In vivo matrix microdamage in a naturally occurring canine fatigue fracture

Greyhound central tarsal bone (CTB) from animals with (n = 11) and without CTB fatigue fracture (n = 15) was examined histologically for the presence, numerical density, and morphology of in vivo microdamage. Complete fracture of the right CTB is a common occurrence during dog racing, because this is the outside limb when running counterclockwise on a circular or oval track. The CTB consisted of both remodeled cortical bone and inner trabecular bone. Thickening and coalescence of trabeculae were observed, particularly dorsally and medially, causing reduction or elimination of the marrow void spaces. A band of tightly packed transverse osteons was also observed adjacent to the concave proximal joint surface. Typical linear microcracks were most often seen in remodeled cortical and trabecular bone and were often observed adjacent to vascular channels. In contrast, ultra-microcracking, represented by diffuse staining with basic fuchsin, was consistently observed in the plantar process around the attachment site for the plantar ligament complex. Dog status (fractured or intact) and side (left or right) both had a significant effect on microcrack density and microcrack surface density (p < 0.05).

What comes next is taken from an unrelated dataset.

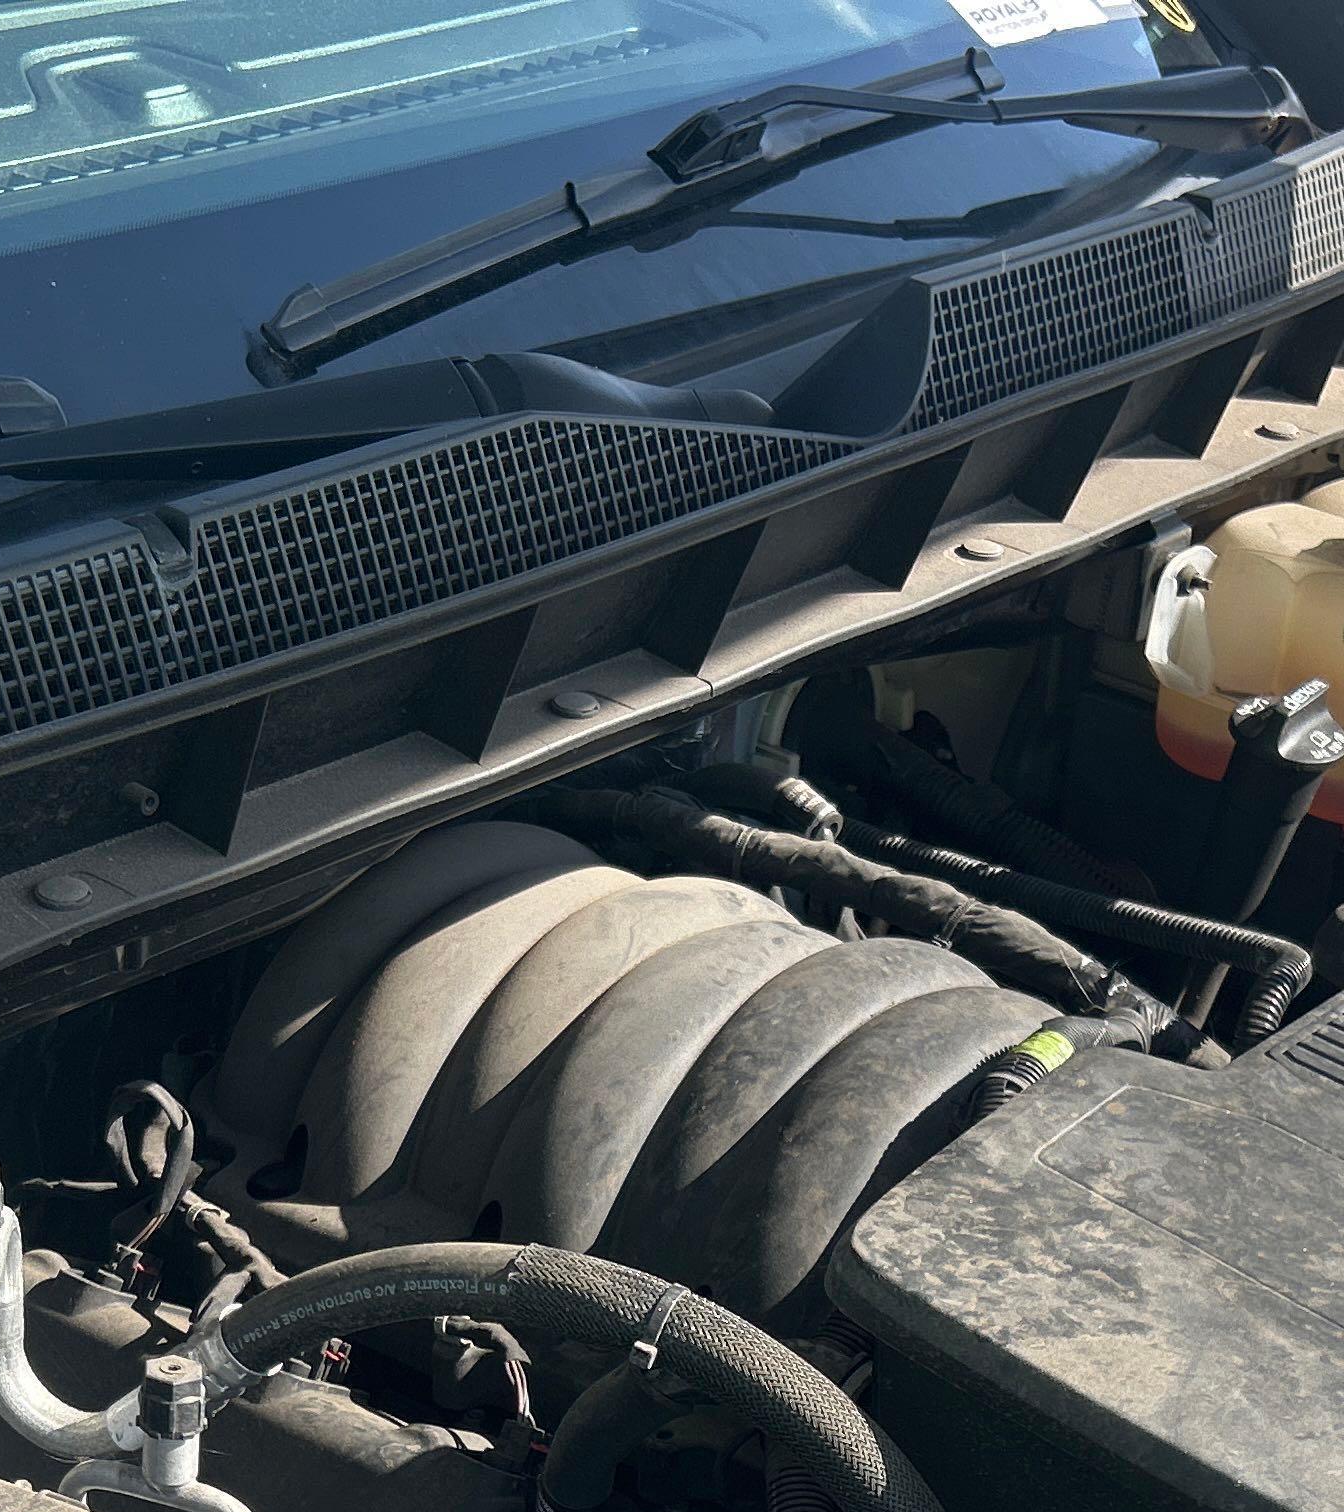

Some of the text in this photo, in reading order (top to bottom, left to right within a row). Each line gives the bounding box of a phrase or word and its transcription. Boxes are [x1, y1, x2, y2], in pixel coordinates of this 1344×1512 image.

Microcrack density and microcrack surface density were increased in the right (fractured) CTB from greyhounds with CTB fracture. There was also a trend for side to have a significant effect on microcrack length, with microcrack lengths being higher in the right CTB of both intact and fractured dogs. These data support the general hypothesis that fatigue fracture occurs because of ongoing cyclic stresses after induction of reparative remodeling. Development of methods for biomechanical testing of small cuboidal bones should allow investigation of relationships between accumulation of loading cycles and bone weakening because of microdamage.